Description of the task: All of the data should be output character for character, except the pictures.

Material for this exercise:
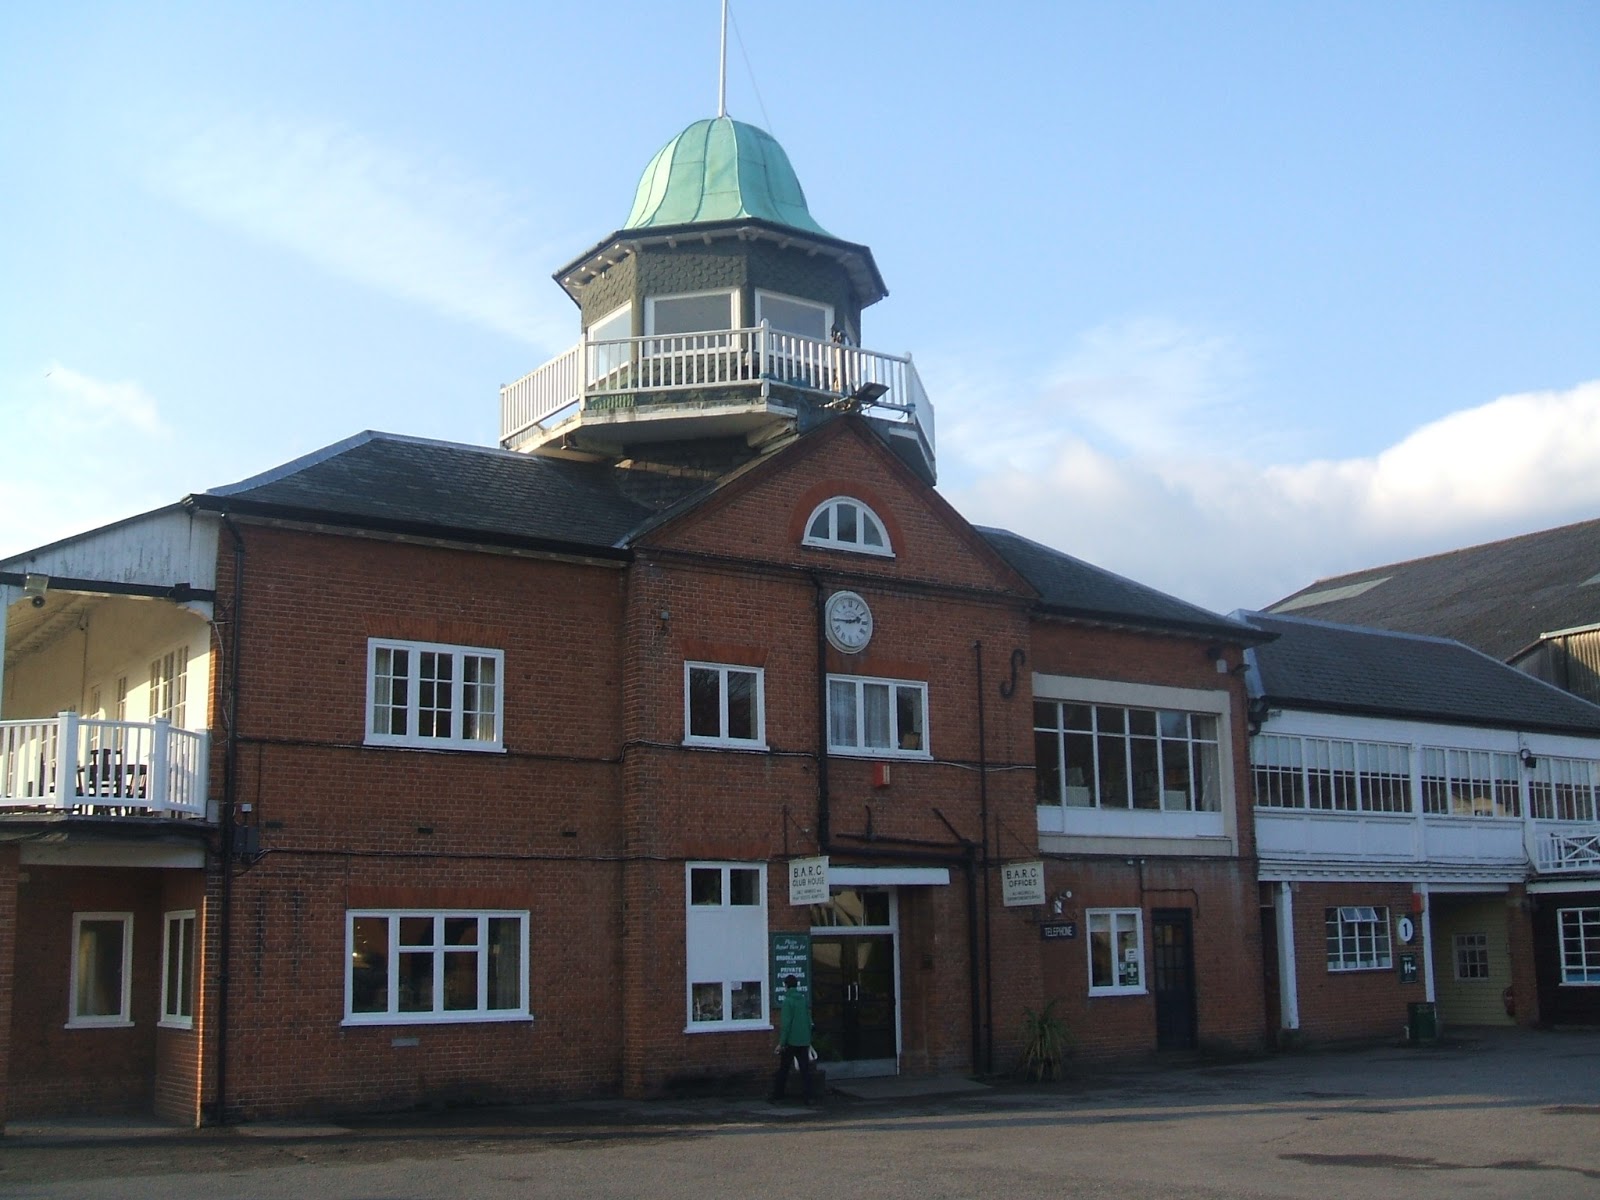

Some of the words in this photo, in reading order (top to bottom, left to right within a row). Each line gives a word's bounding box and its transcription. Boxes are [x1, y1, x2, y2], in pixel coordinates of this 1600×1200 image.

[792, 879, 806, 887] CLUB
[807, 877, 825, 886] HOUSE
[1009, 879, 1037, 888] OFFICES
[1044, 926, 1073, 937] TELEPHONE
[1403, 922, 1408, 937] 1
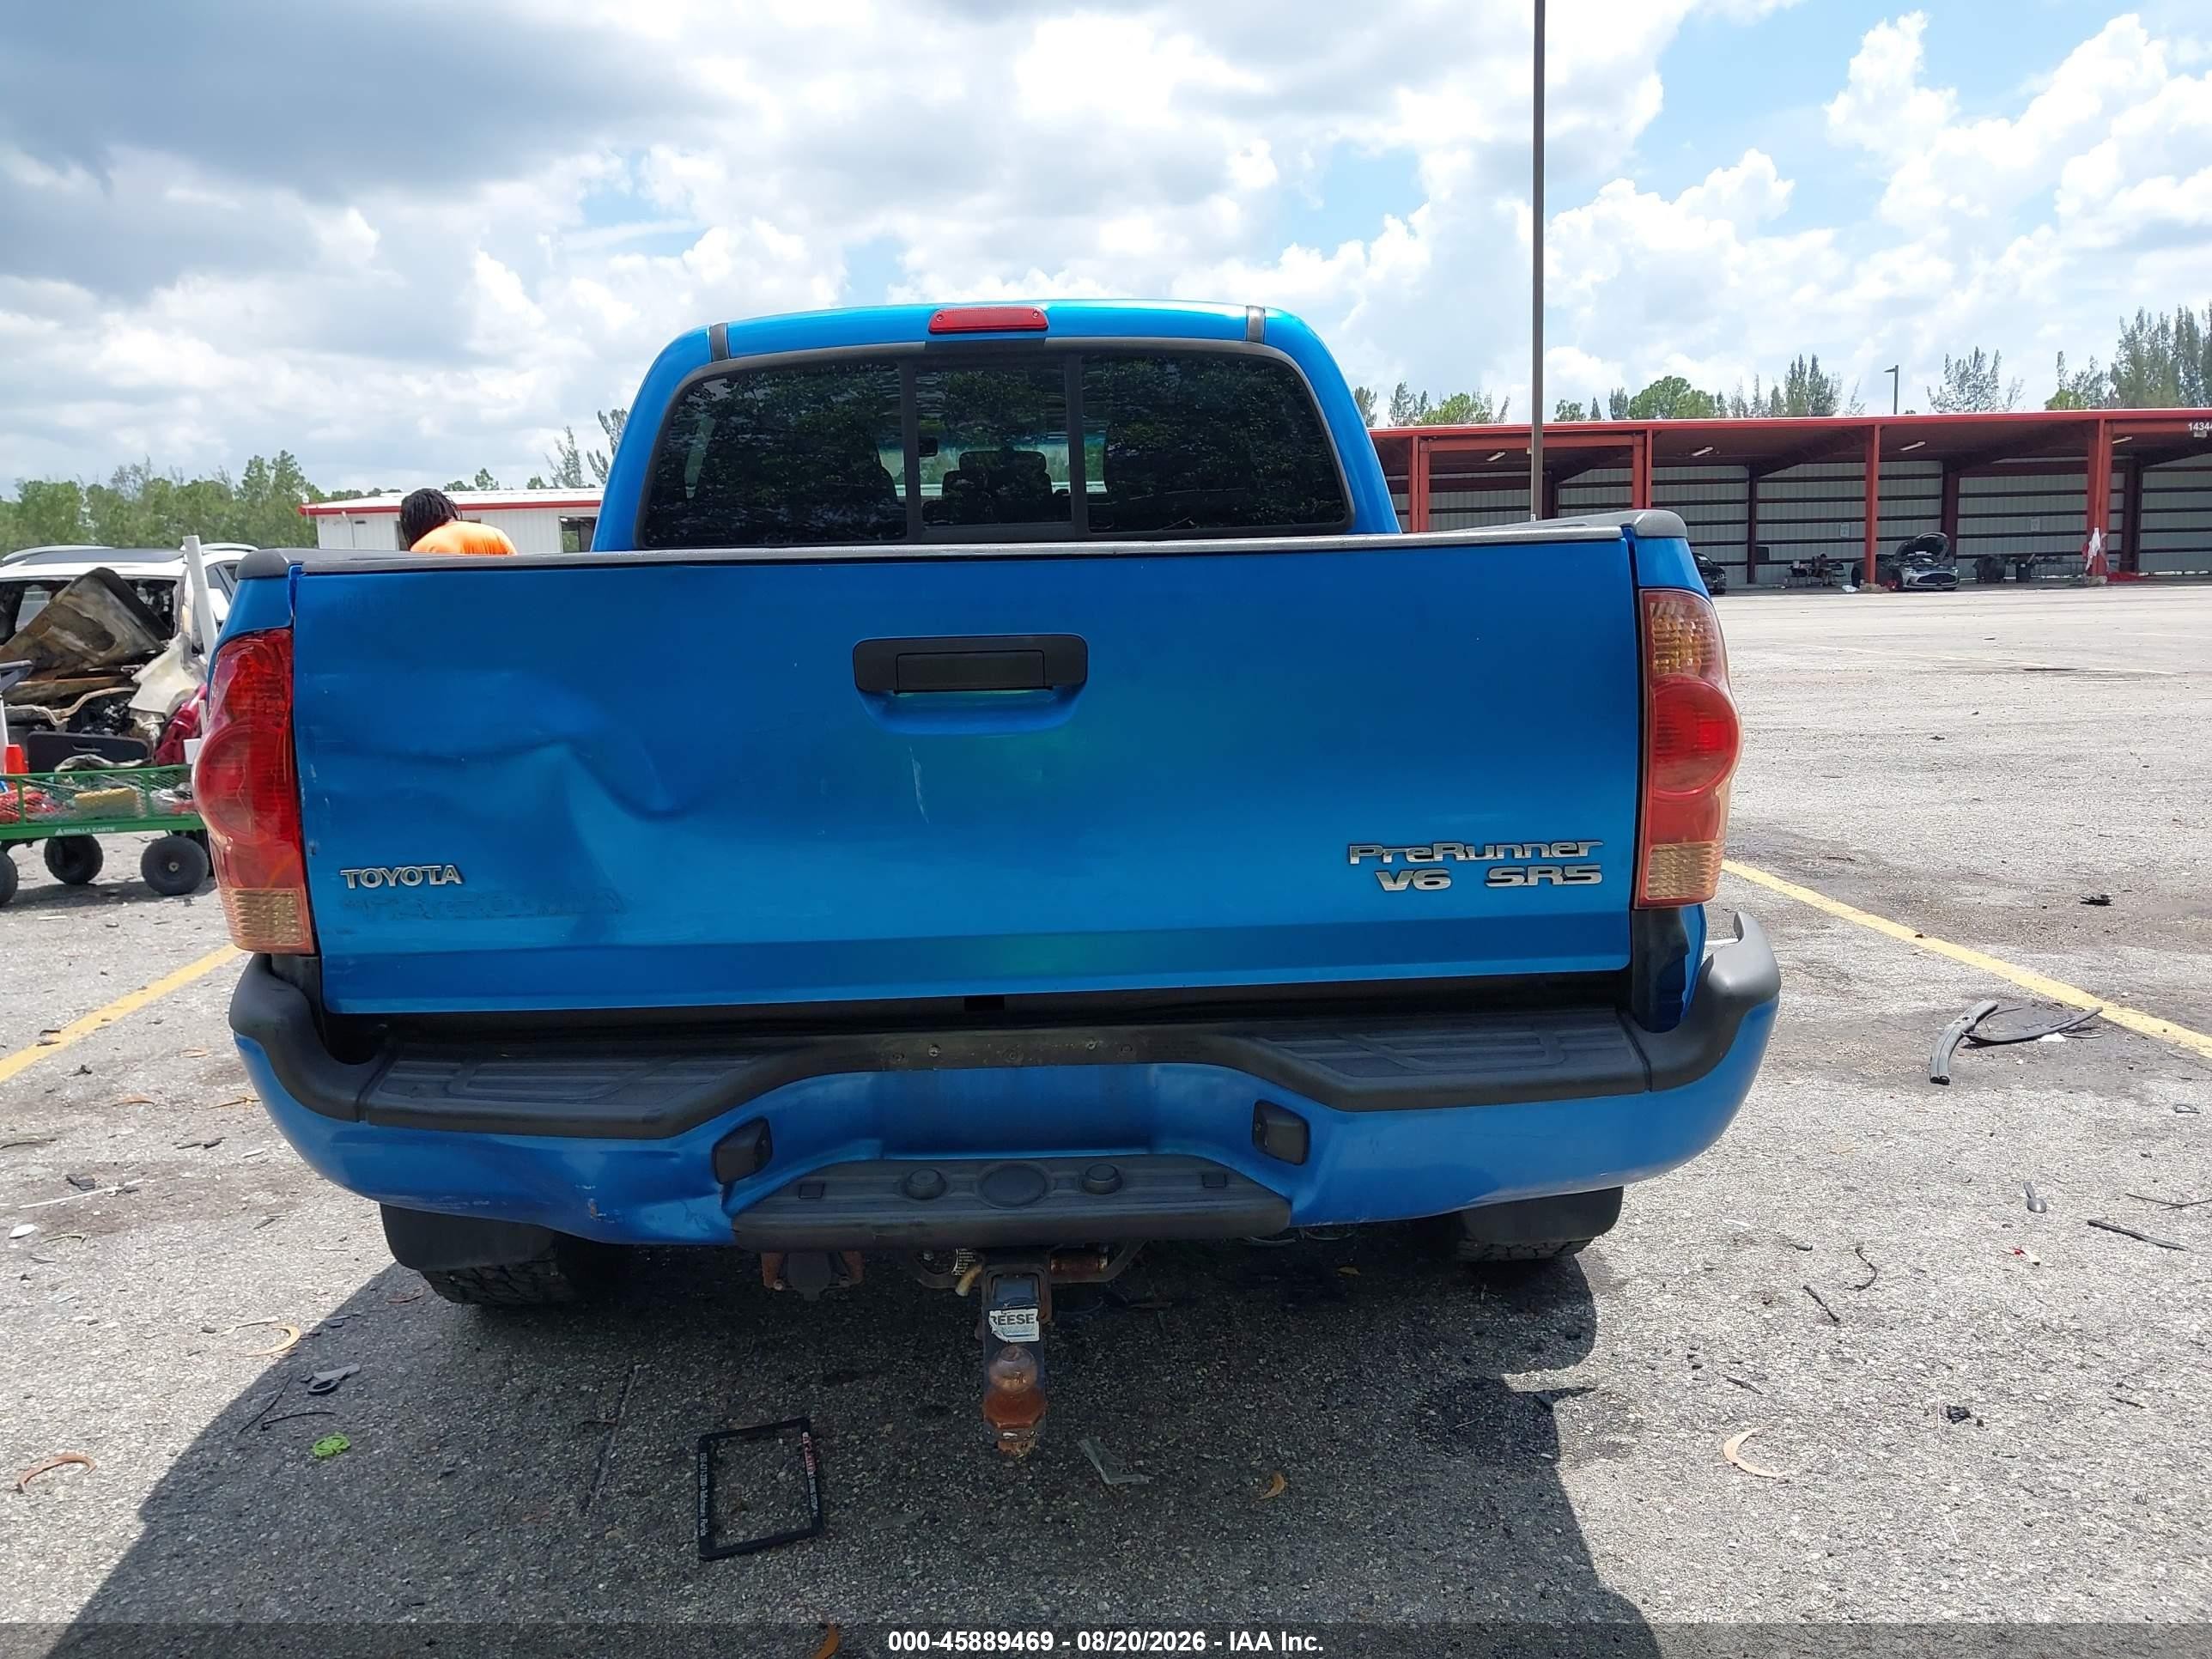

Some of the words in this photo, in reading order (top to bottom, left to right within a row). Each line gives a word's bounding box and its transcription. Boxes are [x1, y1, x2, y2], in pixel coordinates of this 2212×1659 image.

Response for this exercise:
Some of the words in this photo, in reading order (top to bottom, left to right within a row). Each line gives a word's bounding box and its transcription. Boxes are [x1, y1, x2, y2], in pixel coordinates of this 1600×1200 image.

[792, 879, 806, 887] CLUB
[807, 877, 825, 886] HOUSE
[1009, 879, 1037, 888] OFFICES
[1044, 926, 1073, 937] TELEPHONE
[1403, 922, 1408, 937] 1

Some of the words in this photo, in reading order (top to bottom, left to right within a row). Each line gives a word's bounding box and its transcription. Boxes are [x1, y1, x2, y2], in pixel coordinates of this 2212×1659 image.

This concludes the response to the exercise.